Junwu Guo Liangrui Chen Binghua Dai Chengjun Sui ^* Zhitao Dong Keji Chen ^* Kecai Duan ^* Kunpeng Fang ^* Aijun Li ^* Kui Wang ^* Li Geng ^*

• Eastern Hepatobiliary Surgery Hospital, Shanghai, China

Background: Microvascular invasion (MVI) is linked to poor prognosis, early recurrence and postsurgical intrahepatic metastasis of hepatocellular carcinoma (HCC) but roles of tumor-associated endothelial cells (TECs) remain unclear. The aim of the current study was to investigate the role of TEC in microvascular invasion in HCC.Methods: Single-cell RNA sequencing (scRNA-seq) data from two patients with MVI and three patients with non-MVI HCC were used to identify TECs subpopulations via Seurat R package. Using bioinformatics analysis identified co-expression modules associated with MVI in TECs. Differential gene expression analysis, KME values and Gene Expression Profiling Interactive Analysis (GEPIA) survival were utilized to identify genes with significant involvement. TEC subgroup developmental trajectory was analyzed using MVI. Six additional spatial transcriptomics (ST) datasets and four HCC postoperative pathological specimens were used to validate the differential expression of subgroups of TECs and hub genes between MVI and non-MVI groups.Results: Distinct TEC subgroups had significant heterogeneity between datasets from MVI and non-MVI patients.

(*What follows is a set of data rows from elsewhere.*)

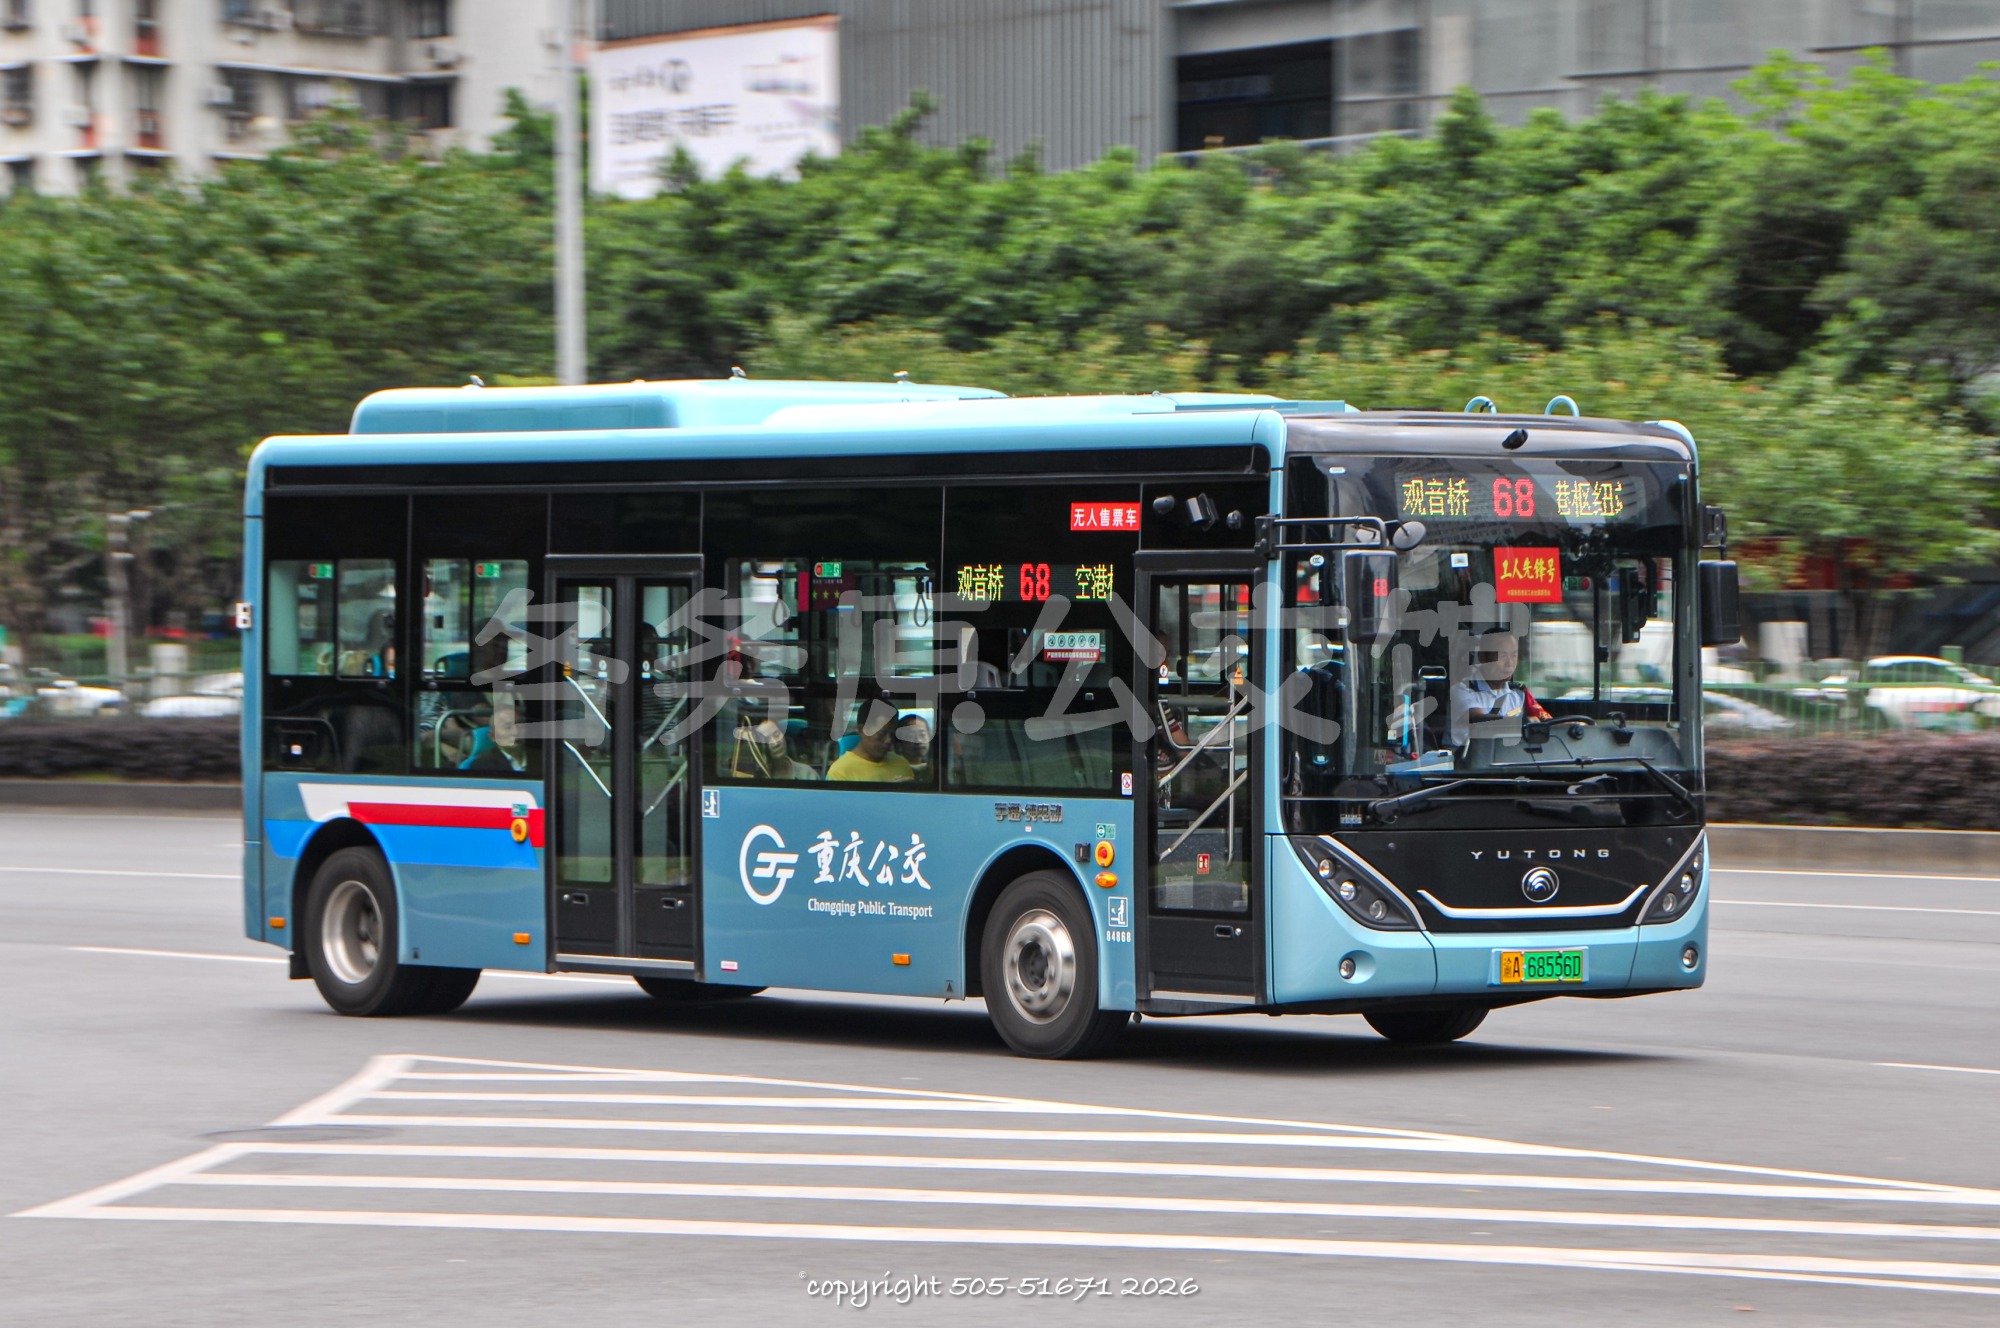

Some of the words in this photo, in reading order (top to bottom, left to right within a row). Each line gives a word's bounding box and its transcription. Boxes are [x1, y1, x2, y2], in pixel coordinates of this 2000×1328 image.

[1402, 478, 1469, 516] 观音桥
[1492, 478, 1536, 517] 68
[1073, 507, 1136, 527] 无人售票车
[957, 564, 1004, 601] 观音桥
[1020, 563, 1050, 601] 68
[1500, 557, 1556, 583] 工人先锋号
[807, 831, 931, 890] 重庆公交
[1471, 849, 1610, 860] YUTONG
[807, 898, 856, 917] Chongqing
[858, 901, 886, 915] Public
[888, 902, 933, 920] Transport
[1106, 930, 1131, 943] 84868

MVI samples had TEC subgroups with increased levels of the epithelial-mesenchymal transition (EMT), endothelial cell migration and angiogenesis. Opposing EMT development was found in MVI TECs relative to non-MVI TECs. TM4SF1 was highly expressed in TECs undergoing the EMT and is thought to be linked to MVI.TECs with elevated TM4SF1 expression facilitate MVI during HCC via an effect on the EMT, suggesting the potential of TM4SF1 as a therapeutic target.